Como cada cena de “Atypical” revela um lado diferente da síndrome de Asperger

As produções originais do streaming Netflix têm retratado temas polêmicos que, até então, eram pouco discutidos. A mais recente é a série sobre autismo Atypical.

A trama aborda o início da sexualidade de Sam Gardner, um garoto de 18 anos que foi diagnosticado com  transtorno do espectro autista, e como isso afeta seus familiares.

Conversamos com médicos para entender o que é verdadeiro e o que é fictício quanto à condição apresentada na série.

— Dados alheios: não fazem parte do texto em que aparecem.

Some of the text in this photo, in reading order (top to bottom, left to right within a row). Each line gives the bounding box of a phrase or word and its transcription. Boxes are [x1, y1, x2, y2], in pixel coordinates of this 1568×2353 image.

Confira:

Atypical representa apenas 20% dos autistas

Segundo o psiquiatra Leonardo Maranhão, diretor da clinica médica Assis,  Sam apresenta a síndrome de Asperger, um tipo de autismo leve em que os indivíduos têm inteligência normal, mas apresentam dificuldade de interação social.

“Esse quadro corresponde a apenas 20% de todas as pessoas diagnosticadas com autismo”, lembra o médico.

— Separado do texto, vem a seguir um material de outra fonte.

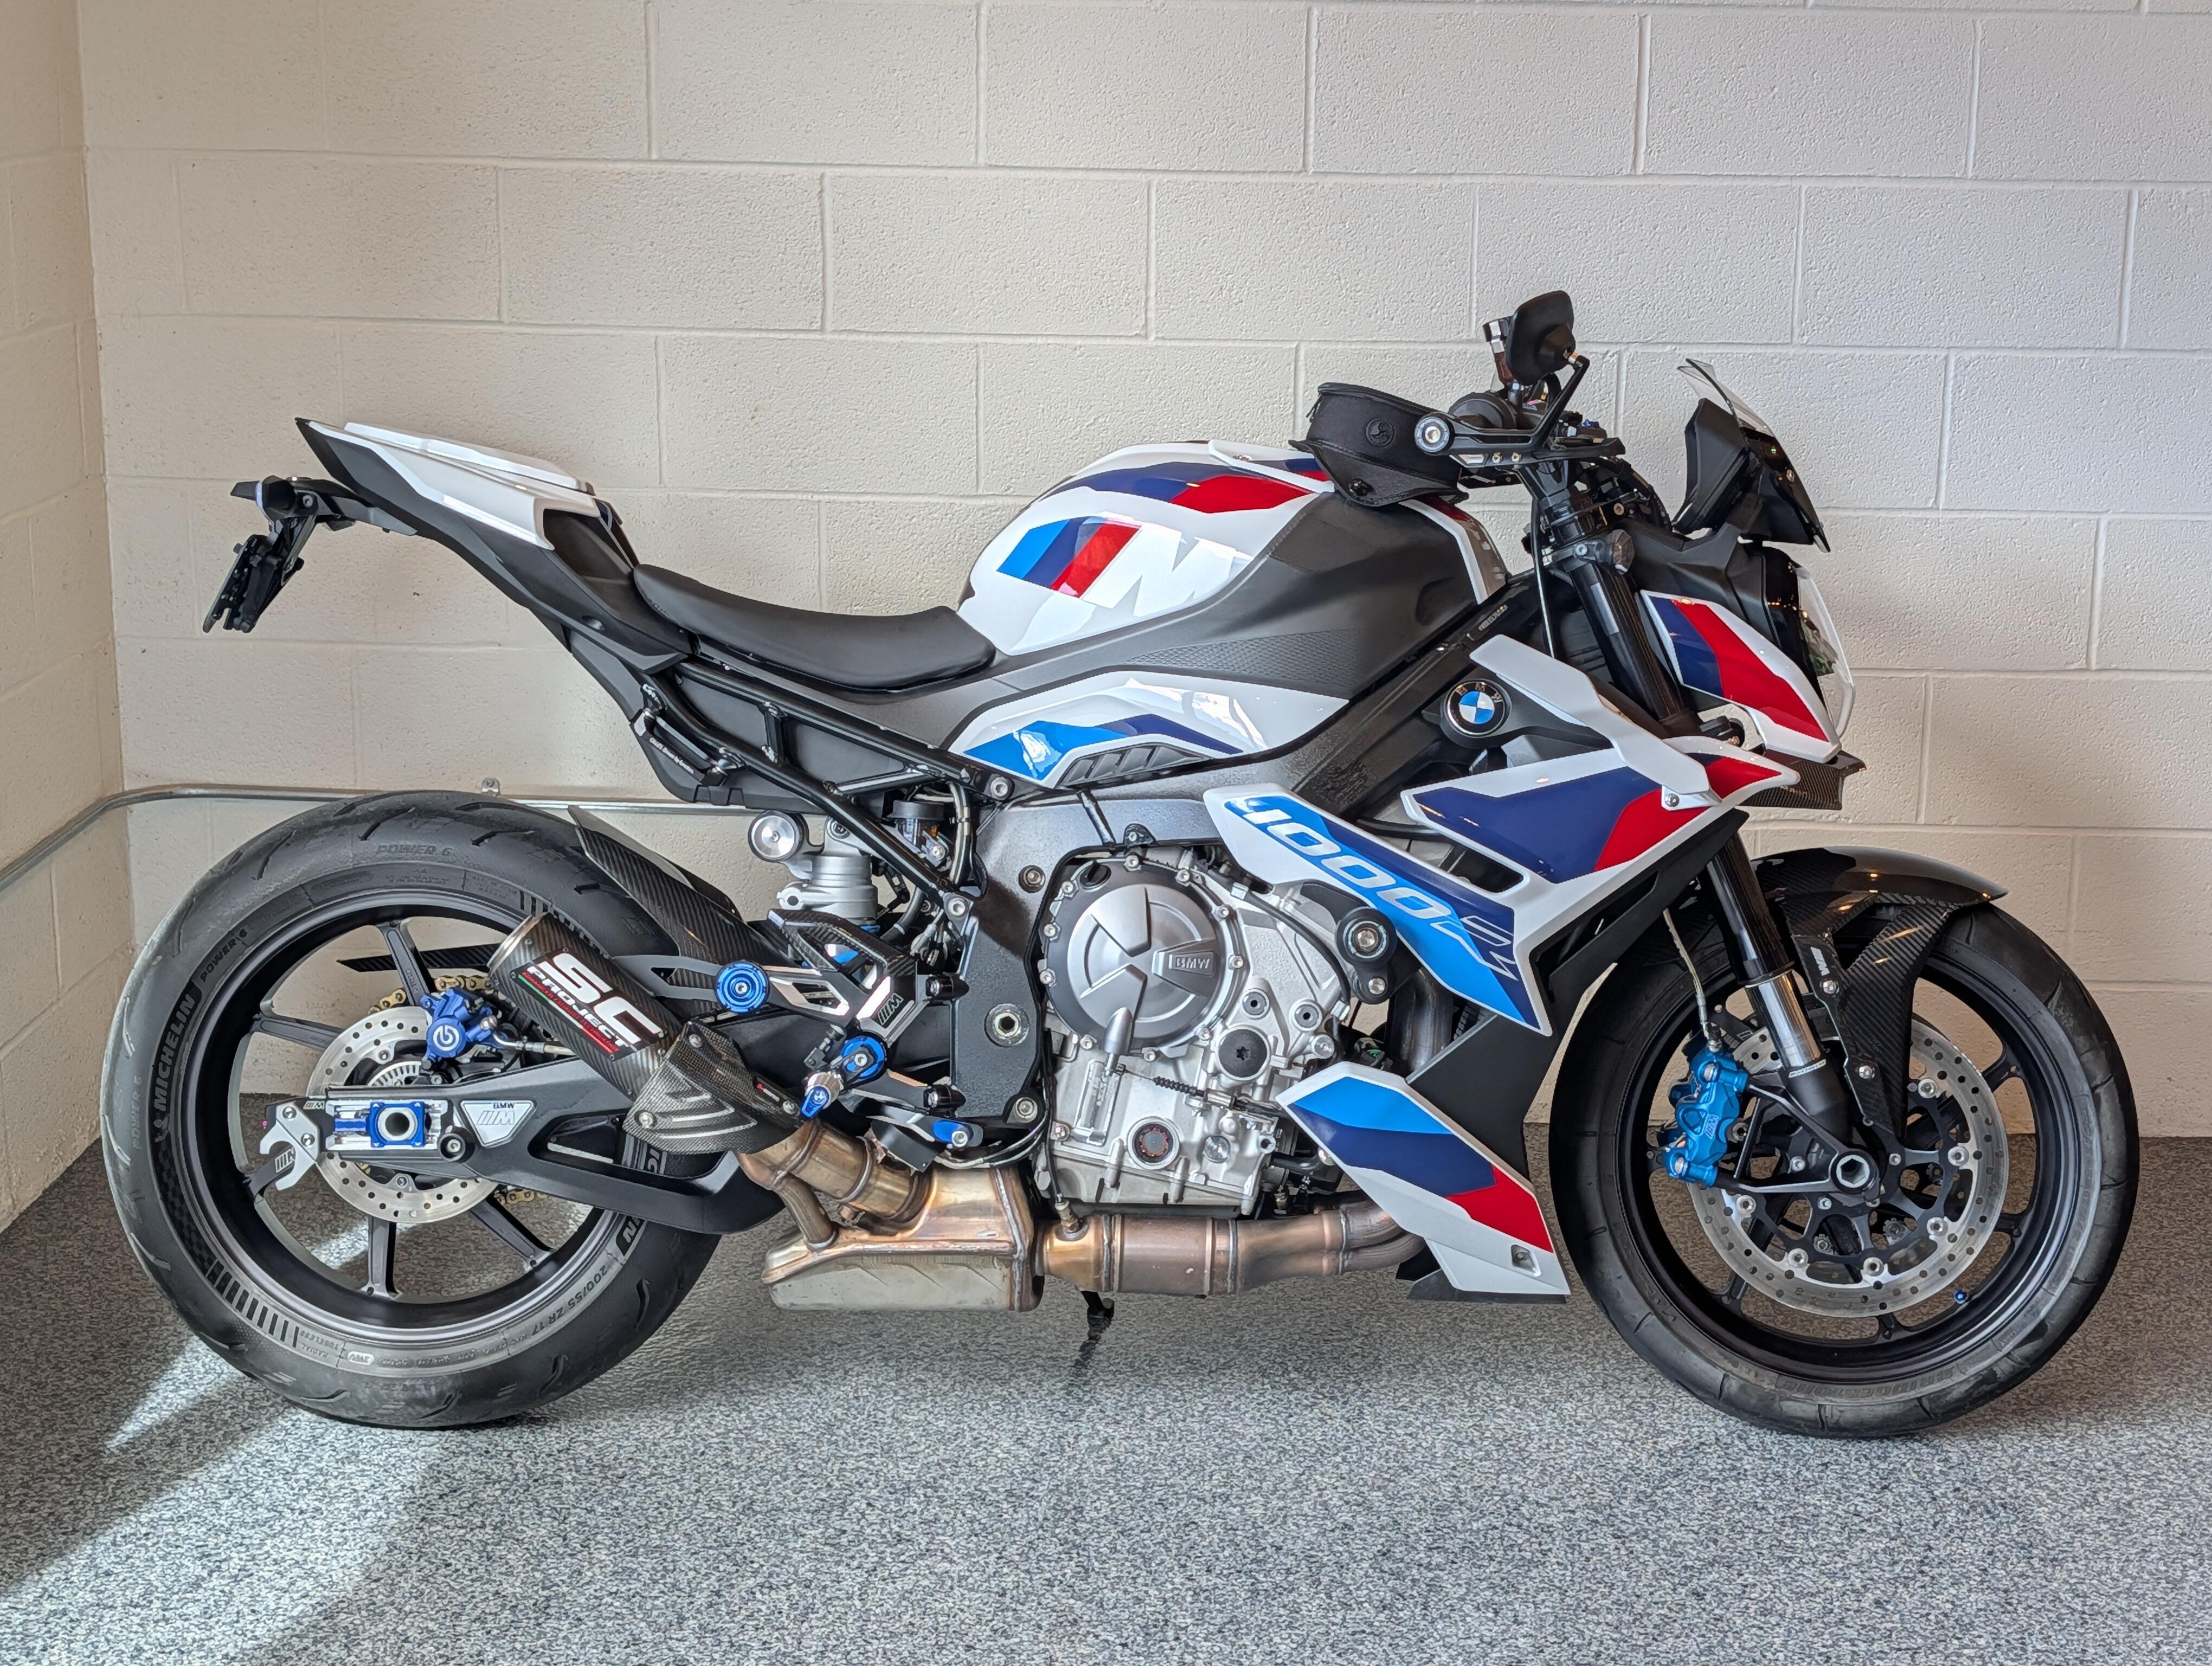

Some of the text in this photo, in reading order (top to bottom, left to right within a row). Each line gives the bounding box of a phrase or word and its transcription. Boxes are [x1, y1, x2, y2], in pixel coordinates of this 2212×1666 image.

No outro extremo, estão os pacientes com autismo moderado e severo: a sensação de esmagamento pelo mundo exterior é tão intensa que eles possuem extrema dificuldade em se comunicar, chegando a ser completamente incapazes de falar, manter contato visual ou tolerar o toque.

“A ficção sempre retrata o autismo leve, mas aborda pouco como são os outros graus. Uma pequena parcela é como o Sam de Atypical, já os demais encontram desafios muitíssimo maiores”, complementa o especialista.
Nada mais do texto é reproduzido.